* _Brief_
With the pictures left aside, write out exactly the lines of the listing below from the line with "this 1600×1200 image." to the line with "this 1920×1280 image.", both included, and only those.

* _Provided entries_
_ _ _ _ _

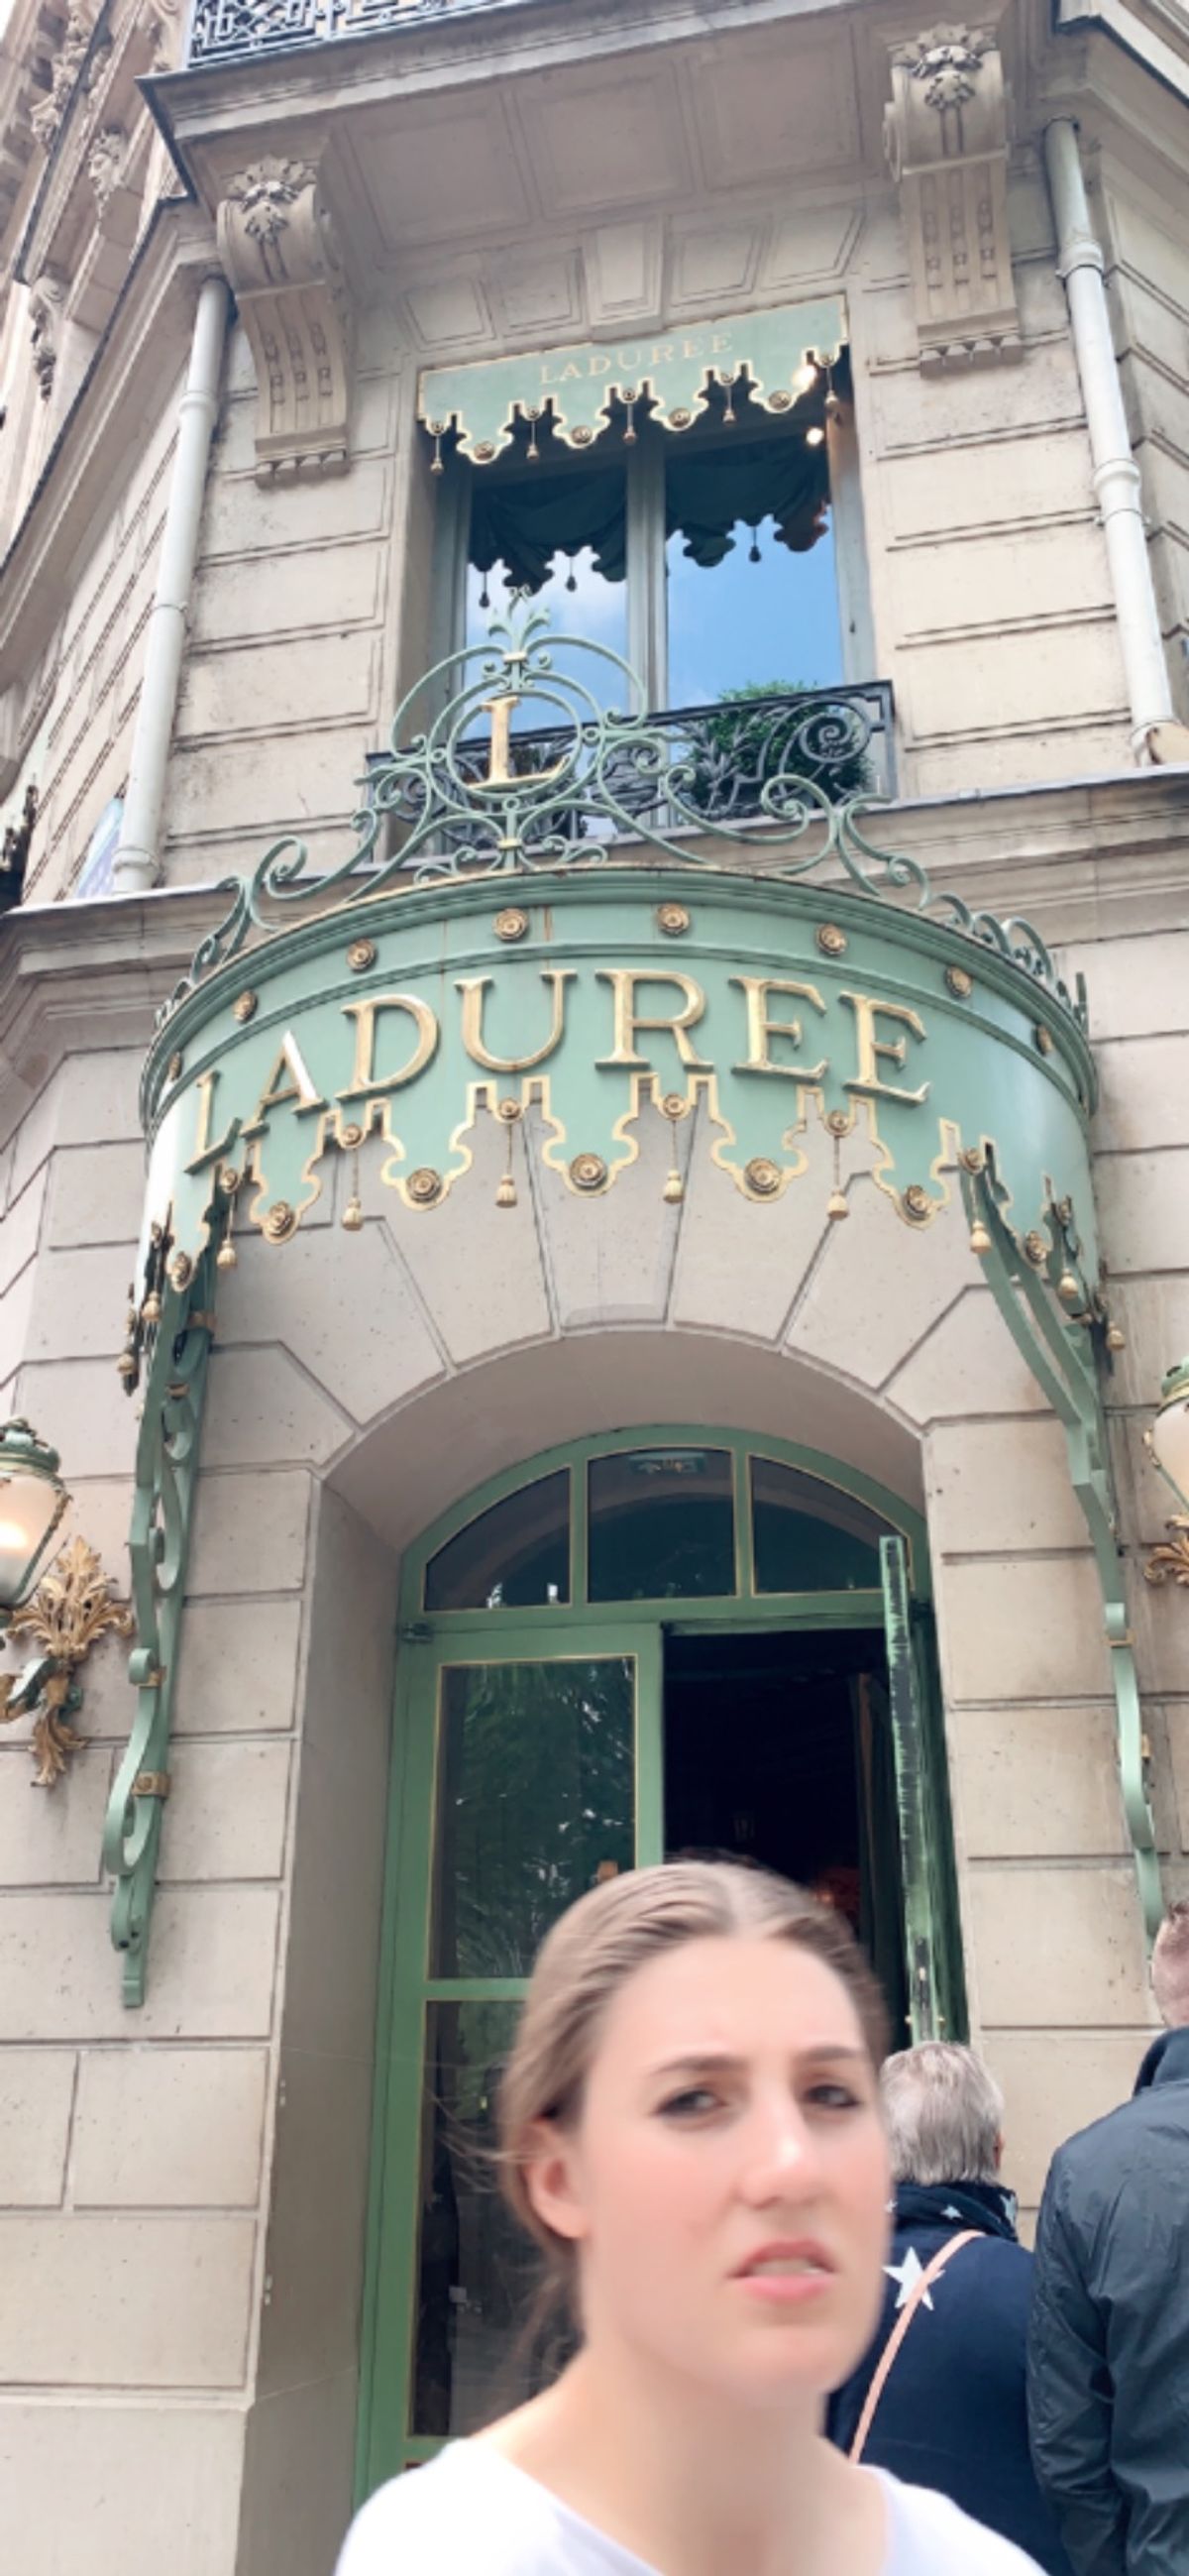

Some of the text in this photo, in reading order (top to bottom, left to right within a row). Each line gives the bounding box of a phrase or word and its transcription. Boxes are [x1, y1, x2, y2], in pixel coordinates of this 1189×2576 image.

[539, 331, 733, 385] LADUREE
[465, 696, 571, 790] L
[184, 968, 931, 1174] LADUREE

_ _ _ _ _

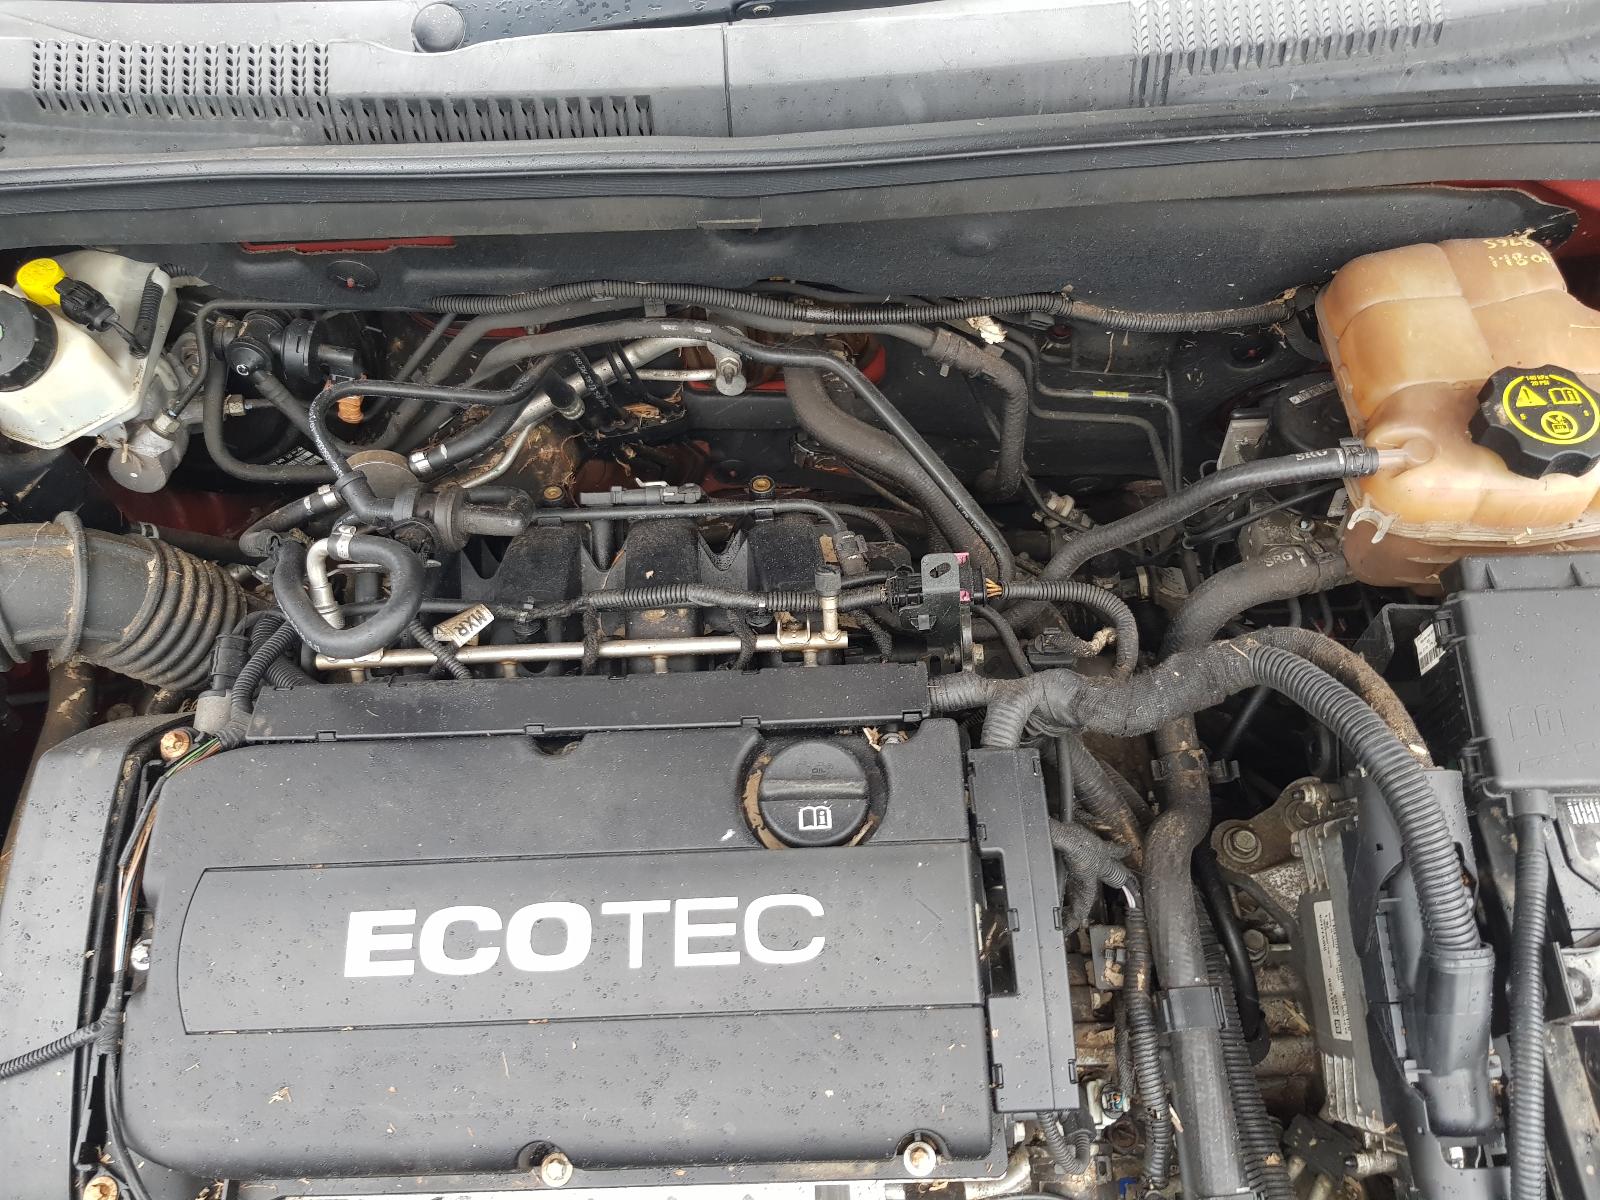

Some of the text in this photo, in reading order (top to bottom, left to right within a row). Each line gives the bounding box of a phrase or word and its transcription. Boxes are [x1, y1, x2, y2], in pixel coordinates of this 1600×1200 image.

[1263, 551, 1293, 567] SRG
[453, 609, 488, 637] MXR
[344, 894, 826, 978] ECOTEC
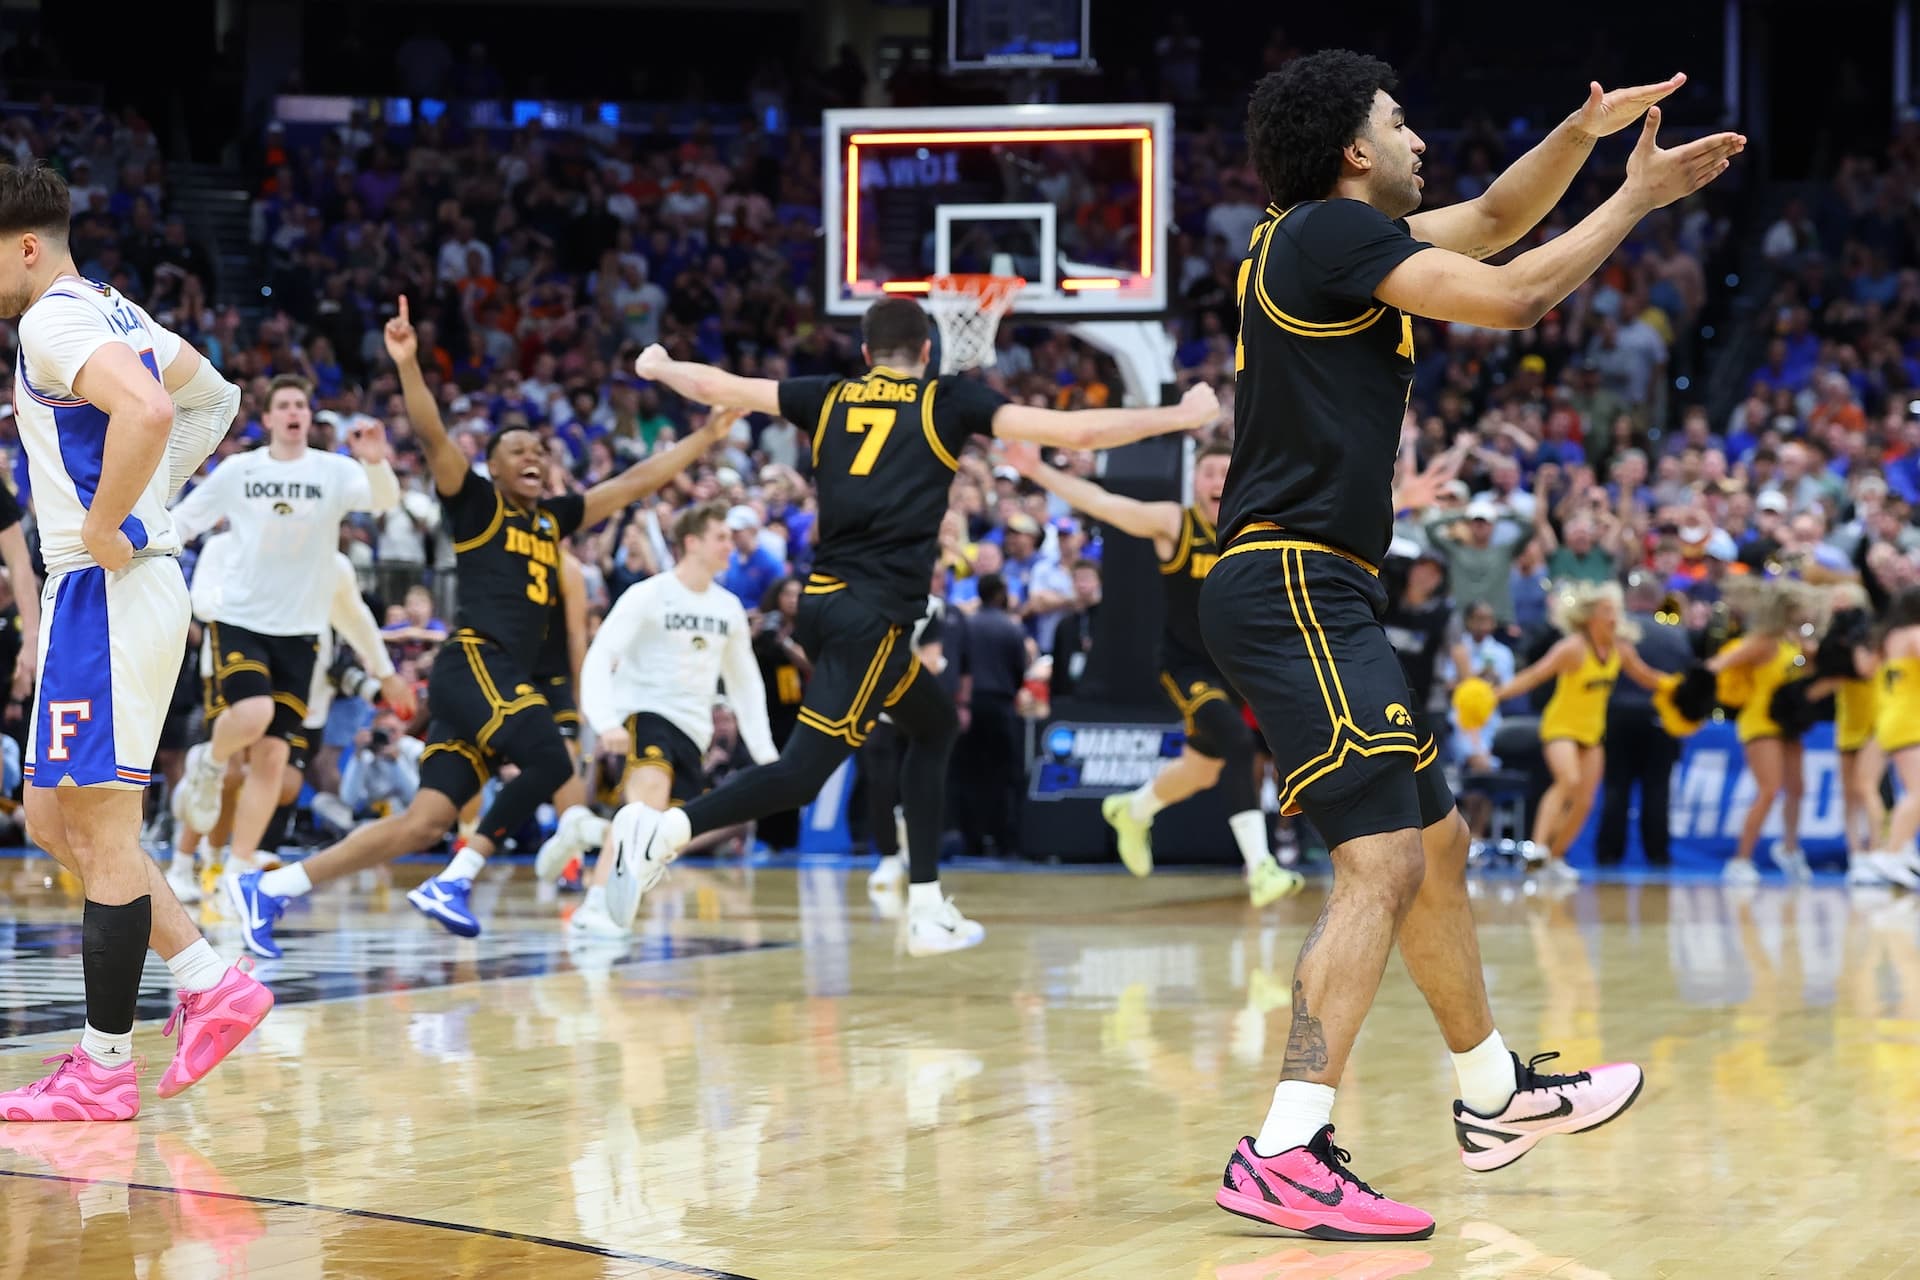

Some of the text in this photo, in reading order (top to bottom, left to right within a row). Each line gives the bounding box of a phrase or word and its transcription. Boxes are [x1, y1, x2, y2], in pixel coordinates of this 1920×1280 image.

_ _ _ _ _

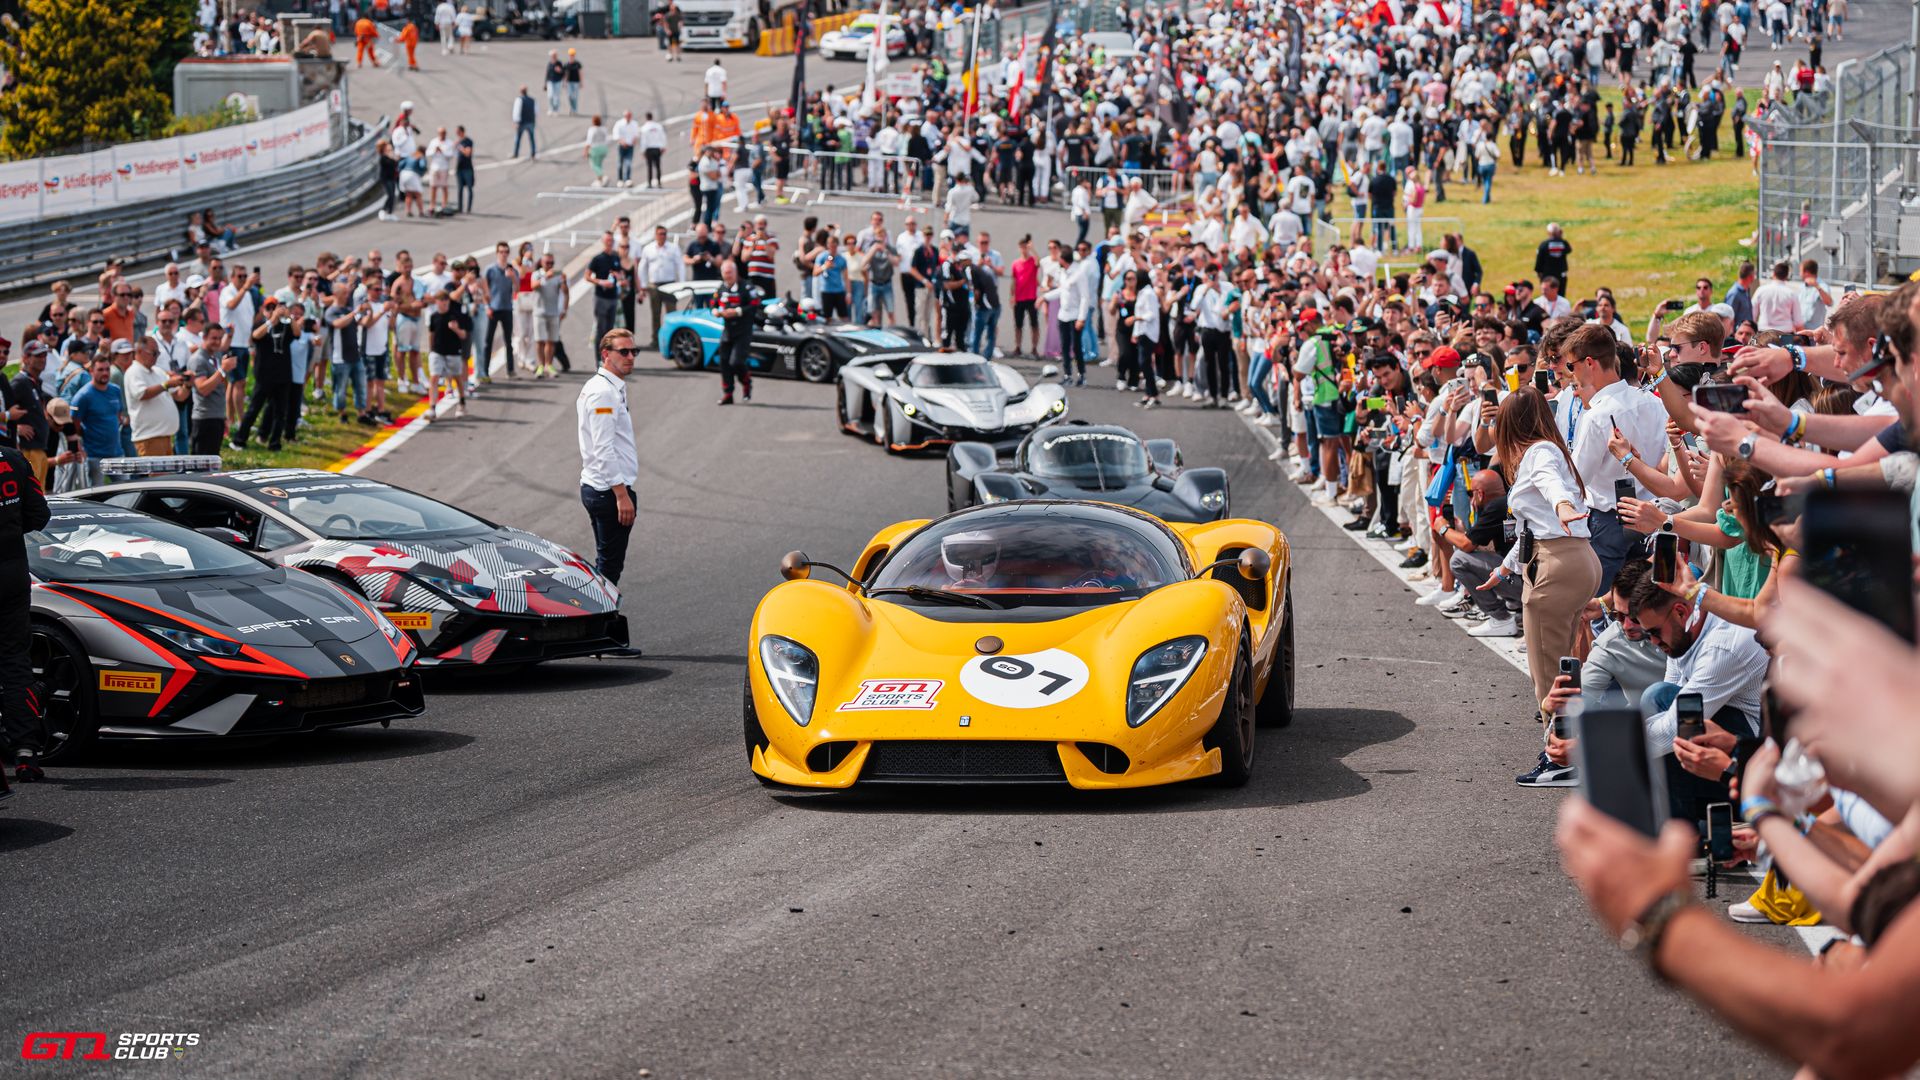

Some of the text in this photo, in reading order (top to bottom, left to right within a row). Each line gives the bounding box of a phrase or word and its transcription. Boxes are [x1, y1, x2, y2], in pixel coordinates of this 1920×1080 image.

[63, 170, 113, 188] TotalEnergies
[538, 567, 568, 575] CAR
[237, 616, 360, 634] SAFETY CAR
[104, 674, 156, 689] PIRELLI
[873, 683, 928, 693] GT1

_ _ _ _ _

* _Your response_
Some of the text in this photo, in reading order (top to bottom, left to right within a row). Each line gives the bounding box of a phrase or word and its transcription. Boxes are [x1, y1, x2, y2], in pixel coordinates of this 1600×1200 image.

[1263, 551, 1293, 567] SRG
[453, 609, 488, 637] MXR
[344, 894, 826, 978] ECOTEC

Some of the text in this photo, in reading order (top to bottom, left to right within a row). Each line gives the bounding box of a phrase or word and its transcription. Boxes are [x1, y1, x2, y2], in pixel coordinates of this 1920×1280 image.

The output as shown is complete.